I could not help but feel a little aggrieved at the comments of the Bishop of Rochester, the Rt Rev Dr Michael Nazir-Ali.
It would be all too easy for me to say the bishop is wrong and give the usual response saved for such views - that there haven't been attempts to impose an 'Islamic' character on certain areas. Of course there have. Hey, I'm as blind and ignorant as the next man, but I don't need the bishop to tell me this.
All right, there are plenty of mosques in Blackburn.
And if you go to certain areas the only non-Muslim you are going to see is the council worker parking his car outside someone's house in the morning because his employers have put pay-and-display signs up everywhere.
Is the fact that there are a fair few mosques in a neighbourhood really the reason that a non-Muslim would not want to wander into an Muslim area, as the bishop seems to suggest?
I found it ridiculous that this is how the bishop's comments were then used and translated across the wider media.
It's as if there are these blokes with big beards and megaphones intimidating non-Muslims to steer clear of these no-go areas'.

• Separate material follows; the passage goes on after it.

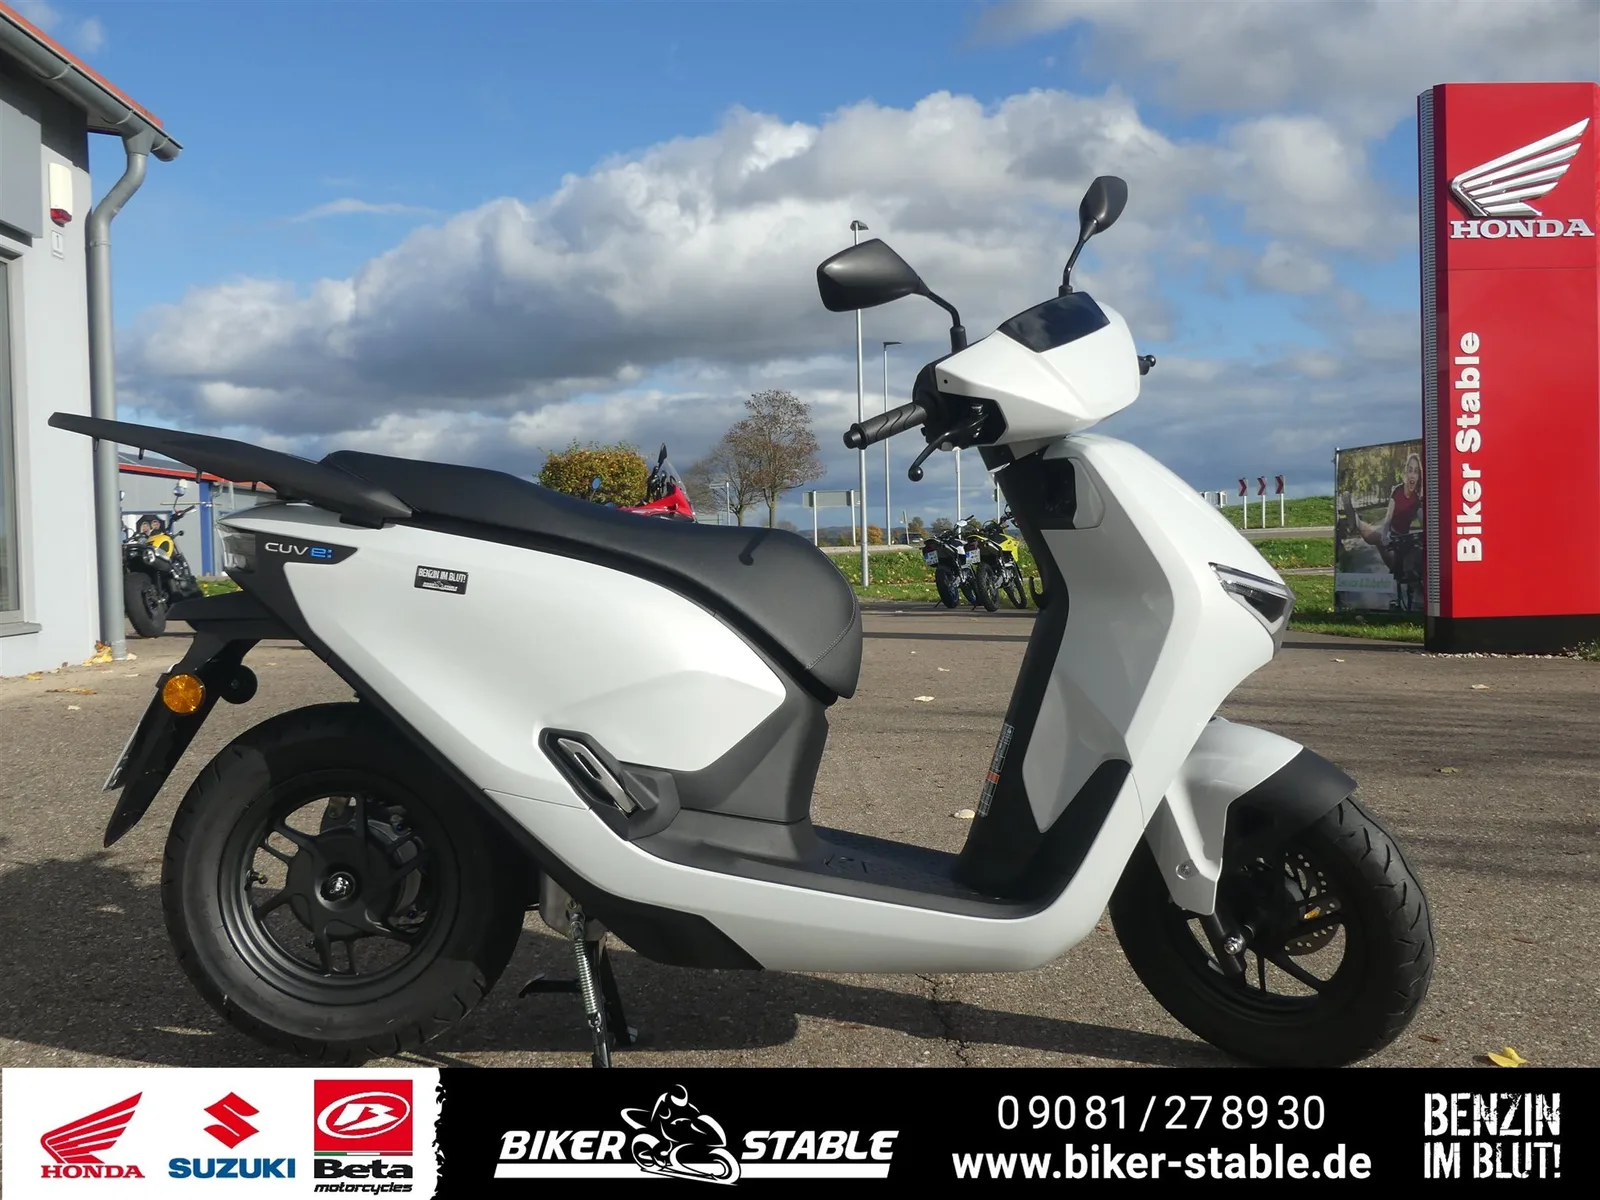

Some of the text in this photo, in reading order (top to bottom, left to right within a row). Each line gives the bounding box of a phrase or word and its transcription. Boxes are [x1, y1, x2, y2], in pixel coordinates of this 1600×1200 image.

[1450, 219, 1595, 239] HONDA
[1454, 331, 1482, 562] Biker Stable

Now, I have been to some scary places in my life but I have to admit one thing. There is no level of extremism or Muslims that block my way into any neighbourhood. And I can assure you I have been to real hell-holes in my life.
On the contrary, you are more likely to get a warm welcome from someone of faith than someone who wants to rob you of your mobile phone.
It's like me complaining that I might get done over by a couple of priests when I go to Higher Croft.
The point many people tend to miss is that the reason someone doesn't go into a certain area is that sometimes there's no point in going there unless you really need to.
And even if you did, you would take the same precautions as you would when you went anywhere else.
What's the point in arguing about no-go zones' when the real no-go zones' are in in our hearts.
Which, I have to say, is a great first line for a rock ballad.